The link between children’s and parents’ food choices
A recent study by an Australian researcher that suggest that children tend to make food choices following their parents’ example even at an early age – as early as 5 in fact. The study was conducted through the University of Southern Australia’s Centre for Nutritional Physiology and was entitled Parental Attitudes and Nutrition Knowledge.
The researcher conducted a survey of 200 children age 5 to 6 years old about their food choices using picture cues and compared the results with surveys conducted with their parents.
The results showed that there is a strong positive link between parent’s nutritional knowledge and children’s food choices. In addition, even 5-year olds seem to be able to know the difference between healthy and unhealthy food choices based on their experiences at home.
As the researcher pointed out, parenting cannot be learned from the books and comes with many different roles – including that of a nutritionist/dietitian, a teacher and well – a good role model.
We’ve been lucky so far. Our twin boys will be turning 6 this year and they are so easy going when it comes to eating. Sometimes when I see how fussy about food some of my friends’ children can be, I really wonder what I and my husband did right except perhaps by just being ourselves – uncomplicated eaters with a strong inclination towards good nutrition and a strong aversion against fast food.

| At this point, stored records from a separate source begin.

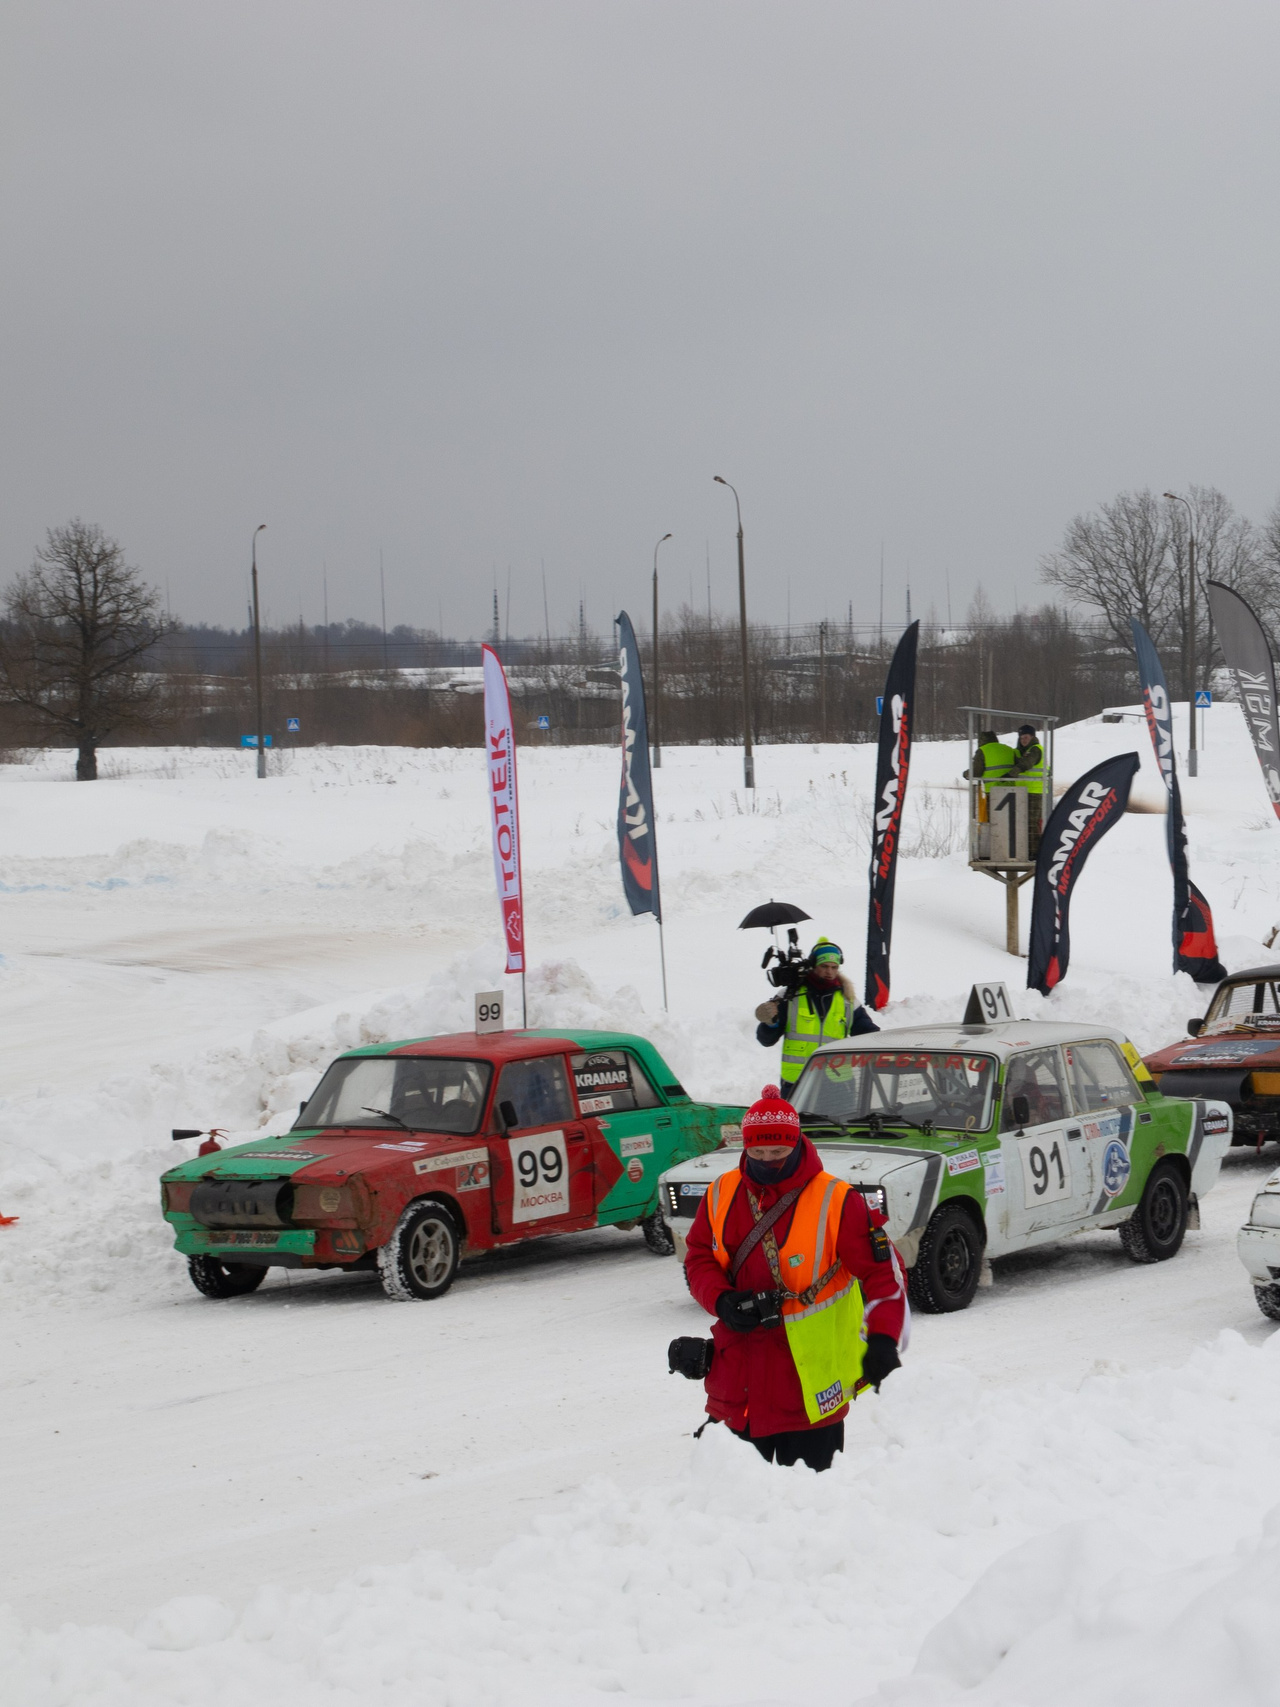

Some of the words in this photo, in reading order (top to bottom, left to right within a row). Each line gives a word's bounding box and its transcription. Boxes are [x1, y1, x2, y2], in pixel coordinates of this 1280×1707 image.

[490, 728, 514, 891] TOTEK
[995, 793, 1016, 858] 1
[1057, 788, 1118, 895] MOTORSPORT
[479, 1003, 500, 1021] 99
[982, 986, 1010, 1019] 91
[575, 1070, 628, 1087] KRAMAR
[1204, 1119, 1228, 1131] KRAMAR
[757, 1132, 782, 1142] PRO
[518, 1146, 563, 1187] 99
[1030, 1141, 1065, 1195] 91
[521, 1192, 563, 1208] МОСКВА
[818, 1381, 842, 1404] LIQUI
[819, 1392, 844, 1415] MOLY

I remember when my nephews were growing up and the hard time my sister had in getting them to eat anything at all except fast food. For her two boys, the terms “food” and “eating” get response like “Oh, no! Not again!” as if the act of eating was a punishment. This changed as soon as they reached puberty but mealtimes during early years were quite tiring for both parents and children alike.

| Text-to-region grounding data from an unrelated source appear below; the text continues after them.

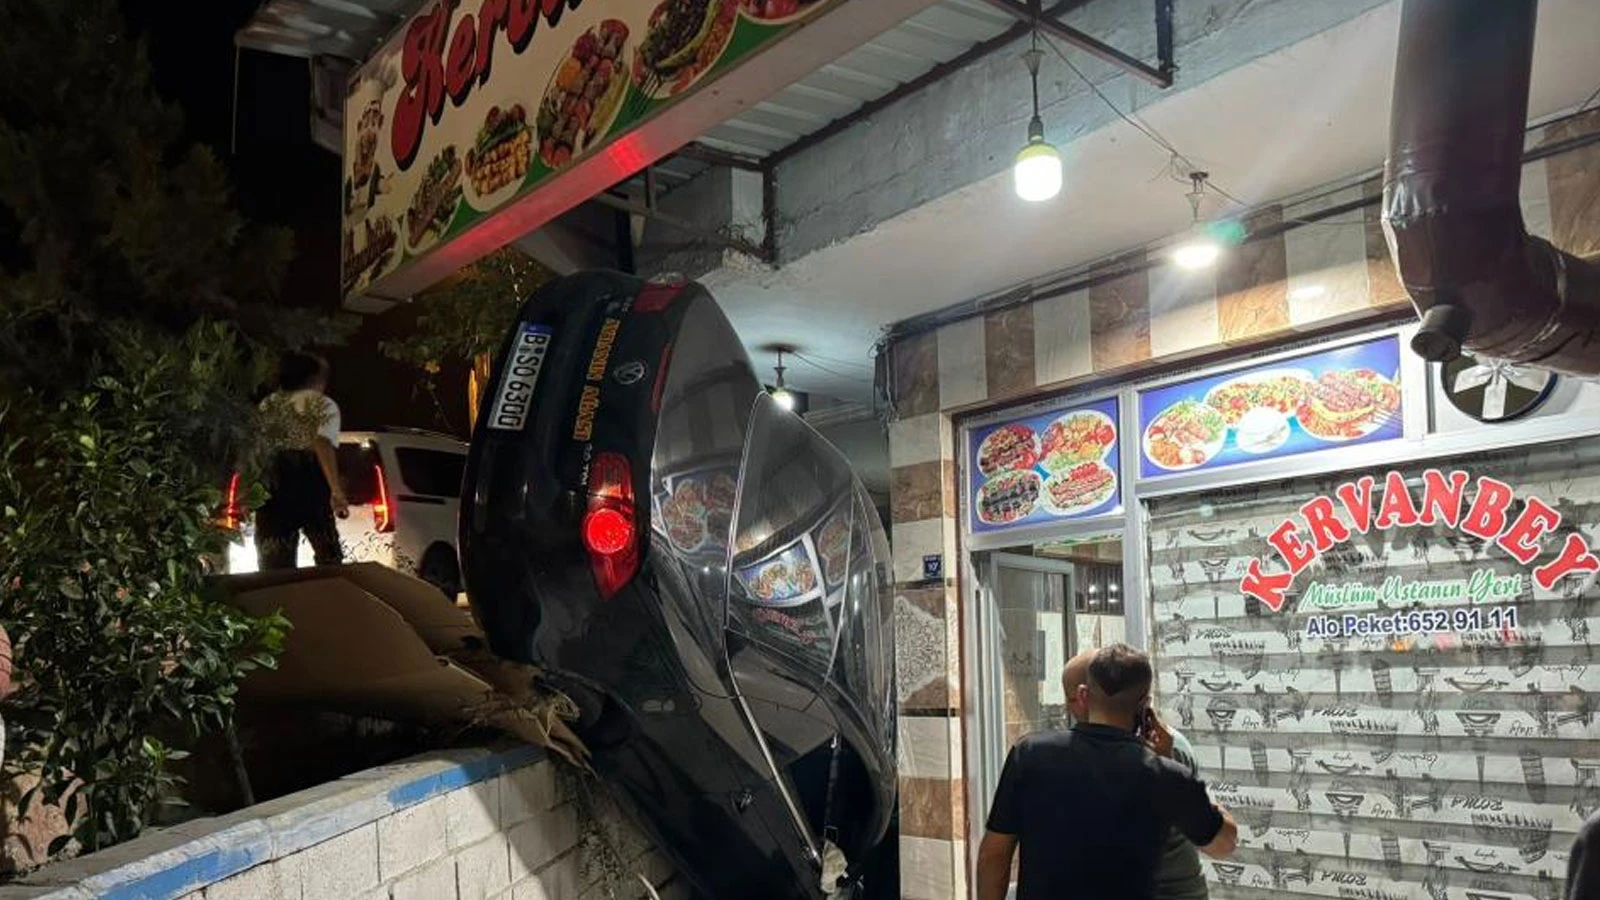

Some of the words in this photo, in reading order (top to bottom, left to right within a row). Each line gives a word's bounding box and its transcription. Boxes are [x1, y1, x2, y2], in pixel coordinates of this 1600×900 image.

[524, 333, 546, 345] B
[498, 381, 533, 428] 6300
[1241, 469, 1599, 611] KERVANBEY
[1301, 581, 1376, 611] Müslüm
[1382, 576, 1460, 600] Ustanın
[1467, 570, 1520, 601] Yeri
[1307, 617, 1338, 635] Alo
[1345, 610, 1448, 633] Peket:652
[1455, 610, 1479, 630] 91
[1491, 607, 1516, 628] 11
[1450, 797, 1503, 810] ROMA
[1321, 872, 1368, 886] ROMA

But it’s not only about eating as such but also about what my kids like to eat that sometimes surprises me. They are the only kids I know who would say “yummy” over a platter of vegetable cuts or a bowl of fruit salad, specifically request for a lunch of rice, broccoli soup and fish and are crazy about smelly French cheese. We (me and my husband) do set a good example but so did my sister. So do friends whose 6-year old girl would touch neither fruit nor vegetable.
So yes, parents do play a big role in influencing the eating habits of their children. But I still think there is more fussy eaters than just bad role models.
What do you think?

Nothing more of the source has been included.